◆ Records supplied:

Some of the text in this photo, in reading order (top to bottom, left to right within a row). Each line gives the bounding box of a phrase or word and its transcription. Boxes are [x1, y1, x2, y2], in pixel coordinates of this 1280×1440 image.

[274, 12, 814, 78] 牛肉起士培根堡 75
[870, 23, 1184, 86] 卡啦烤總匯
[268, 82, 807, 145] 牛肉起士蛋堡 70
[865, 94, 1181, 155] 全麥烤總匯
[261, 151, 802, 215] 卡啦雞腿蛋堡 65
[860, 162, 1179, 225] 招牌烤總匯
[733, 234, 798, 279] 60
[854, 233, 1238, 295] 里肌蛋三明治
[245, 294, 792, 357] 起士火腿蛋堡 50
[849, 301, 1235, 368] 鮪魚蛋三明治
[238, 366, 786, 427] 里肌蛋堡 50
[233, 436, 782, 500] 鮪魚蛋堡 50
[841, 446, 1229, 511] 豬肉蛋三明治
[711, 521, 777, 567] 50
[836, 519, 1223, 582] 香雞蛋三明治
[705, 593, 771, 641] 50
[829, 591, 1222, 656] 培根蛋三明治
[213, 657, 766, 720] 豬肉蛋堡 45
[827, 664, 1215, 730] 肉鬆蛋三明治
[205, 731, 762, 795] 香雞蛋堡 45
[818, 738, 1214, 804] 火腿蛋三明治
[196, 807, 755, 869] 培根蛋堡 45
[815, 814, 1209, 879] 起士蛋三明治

◆ What you will do: From the first record to the last, copy everything exactly.

◆ Your solution:
Some of the text in this photo, in reading order (top to bottom, left to right within a row). Each line gives the bounding box of a phrase or word and its transcription. Boxes are [x1, y1, x2, y2], in pixel coordinates of this 1280×1440 image.

[274, 12, 814, 78] 牛肉起士培根堡 75
[870, 23, 1184, 86] 卡啦烤總匯
[268, 82, 807, 145] 牛肉起士蛋堡 70
[865, 94, 1181, 155] 全麥烤總匯
[261, 151, 802, 215] 卡啦雞腿蛋堡 65
[860, 162, 1179, 225] 招牌烤總匯
[733, 234, 798, 279] 60
[854, 233, 1238, 295] 里肌蛋三明治
[245, 294, 792, 357] 起士火腿蛋堡 50
[849, 301, 1235, 368] 鮪魚蛋三明治
[238, 366, 786, 427] 里肌蛋堡 50
[233, 436, 782, 500] 鮪魚蛋堡 50
[841, 446, 1229, 511] 豬肉蛋三明治
[711, 521, 777, 567] 50
[836, 519, 1223, 582] 香雞蛋三明治
[705, 593, 771, 641] 50
[829, 591, 1222, 656] 培根蛋三明治
[213, 657, 766, 720] 豬肉蛋堡 45
[827, 664, 1215, 730] 肉鬆蛋三明治
[205, 731, 762, 795] 香雞蛋堡 45
[818, 738, 1214, 804] 火腿蛋三明治
[196, 807, 755, 869] 培根蛋堡 45
[815, 814, 1209, 879] 起士蛋三明治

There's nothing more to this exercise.